We’ve all been there. Your man gets up to use the bathroom and he leaves his cell behind. He’s been acting a little suspect lately and you have your suspicions. A text message beeps its way onto his cell screen. This could be your chance to discover what’s really going on. What do you do? Do you ask who the text is from upfront or do you just…SNOOP?
It’s tempting to look and most of us are curious when it comes to our partner’s private lives, especially if he or she isn’t open about their emotions and we’re feeling insecure. Nowadays, there are so many ways to snoop that tempt us: cell phone text messages, IMs, call logs, social media and voice-mail hacking, email messages that you can even mark “unread” after you’ve opened them and the list goes on and on.
What, if anything, stops you?
Respect, trust and intimacy – that’s what should
stop you. These are all crucial to a healthy relationship. But sometimes, it’s hard to suppress our wish to know everything about our sweetie while respecting each other’s right to personal space and privacy. The funny thing is, trust and intimacy can create
the perfect snooping environment – like being left alone in your partner’s place. He trusts you. Are you willing to jeopardize that aspects of your relationship? You should also think about how you’d feel if you discovered your partner had been going through your things. Would you care? Be offended? Think about that before you decide to cross that line.

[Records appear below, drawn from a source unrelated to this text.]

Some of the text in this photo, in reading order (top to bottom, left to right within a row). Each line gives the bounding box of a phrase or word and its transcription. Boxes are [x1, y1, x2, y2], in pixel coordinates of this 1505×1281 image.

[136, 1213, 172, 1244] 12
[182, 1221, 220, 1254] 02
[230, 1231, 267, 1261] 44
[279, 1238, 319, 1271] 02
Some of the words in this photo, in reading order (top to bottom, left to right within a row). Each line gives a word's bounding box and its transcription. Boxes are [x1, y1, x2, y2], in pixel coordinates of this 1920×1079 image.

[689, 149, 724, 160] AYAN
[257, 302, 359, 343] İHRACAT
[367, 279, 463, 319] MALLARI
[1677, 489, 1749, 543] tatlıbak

Now some people don’t think of it as invading someone’s privacy if they have a “feeling.” You know, that gut instinct telling you something’s not right. Is it then your intuition
that made you intrude and does that make it okay? What if you accept that going through his phone is
an invasion of privacy but you strongly suspect your partner of cheating? You want concrete evidence (because they’re not telling you the truth), so is snooping a justified way to back up what your sixth sense is telling you?
Some men and women have no problem letting their partner know that they went through their phone, read their emails and that they don’t trust them. If you’re willing to out yourself and confront him or her about what you find, then be prepared for the flip (meaning he may be guilty, but so are YOU for going through his or her stuff) and the possibility of being called crazy and losing your relationsship. Also, as the snooper, you
need to have a plan in place (whether that be to end the relationship yourself or something else) once you get the confirmation you needed. If you’re not going to take action, then why bother snooping in the first place?

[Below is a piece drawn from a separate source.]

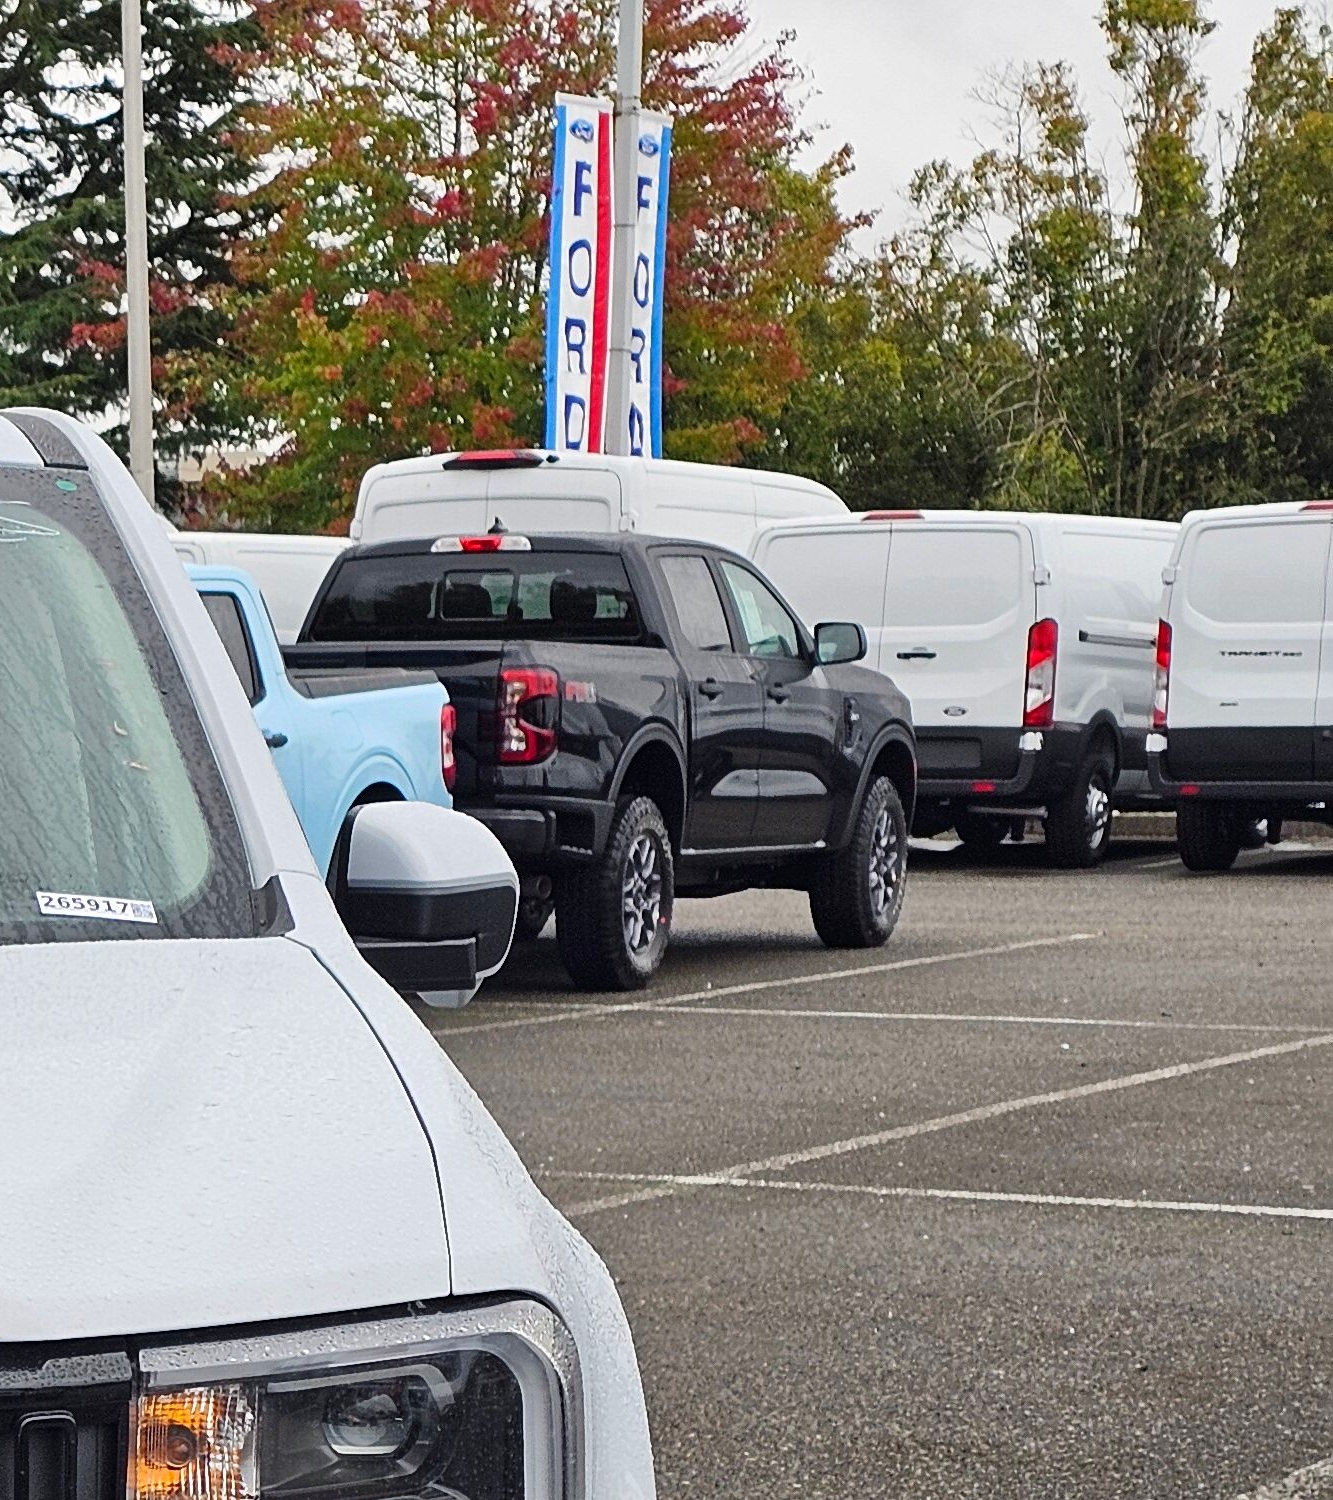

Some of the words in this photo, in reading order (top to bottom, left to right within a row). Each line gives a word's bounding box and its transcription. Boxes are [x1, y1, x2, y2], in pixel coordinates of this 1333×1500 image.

[565, 160, 592, 451] FORD
[630, 175, 653, 456] FORD
[41, 895, 129, 913] 265917

Also, if your gut is telling you something is wrong, chances are you’re right and you probably don’t need
the proof. But if there really is no “gut feeling” and you’re just an insecure person by nature because of trust issues you’ve had in past relationships, you should seek help. If you snoop for no good reason, your insecurities will ensure that you’ll find something
you wished you hadn’t – whether it’s really “evidence” or not. Even if the discovery is relatively harmless, it can still hurt because your mind can and will play tricks on you. That text from a girl could be his cousin but because you already think he’s cheating on you, you’ll jump to conclusions and get your feelings hurt. Snooping isn’t worth your peace of mind…it’ll just make you crazy – and it’ll show in your behavior. Insecurity is not attractive.
And keep in mind, sometimes, your lack of trust will be reciprocated by your man/woman because they’ll assume that the reason you don’t trust him or her is because you’re guilty of something yourself
. Most liars and cheaters are paranoid by nature…because they’re doing dirt themselves. .
If you are a serial snooper, you may be going through your significant other’s things as a way of avoiding real communication and a discussion about trust. When you are first tempted to rummage through everything, use it as a warning sign in your relationship and ask yourself some questions:
Do I trust him/her?
Do I feel safe with him/her?
Do I tell him/her about my feelings of insecurity?
A discussion of these issues with your partner or with a close friend can remove the need to snoop. If you’re too nervous to raise any these issues because you’re afraid your partner will react negatively, it’s likely that you are putting off the inevitable for fear of facing the truth and ending a relationship. Be brave – ask yourself the questions and be honest about the answers. There’s nothing wrong with putting your concerns out there and simply talking it through. A lot of times the confusion comes when you don’t know where you stand with someone or the relationship doesn’t seem to have a “label” on it. Snooping through someone’s stuff may seem like a solution to finding out all of your partner’s secrets, but it’ll only satisfy your immediate need and it’s a short-term solution. Once you start snooping, even after all has been laid out on the table, it’s hard to stop – and you’ll always be focused on what you FIND rather than addressing the real issue of trust in the relationship. Don’t make yourself and your partner crazy – communicate more so you can feel insecure less.
But if you just have
to snoop and the urge overwhelms you and you find yourself rummaging in places you shouldn’t, make sure it’s worth all the aggravation. If you find what you “need,” use it and move on so that you conscience is clear. If you’re not ready to do that, stop trying to figure out the password to his computer or phone. Sometimes ignorance is bliss.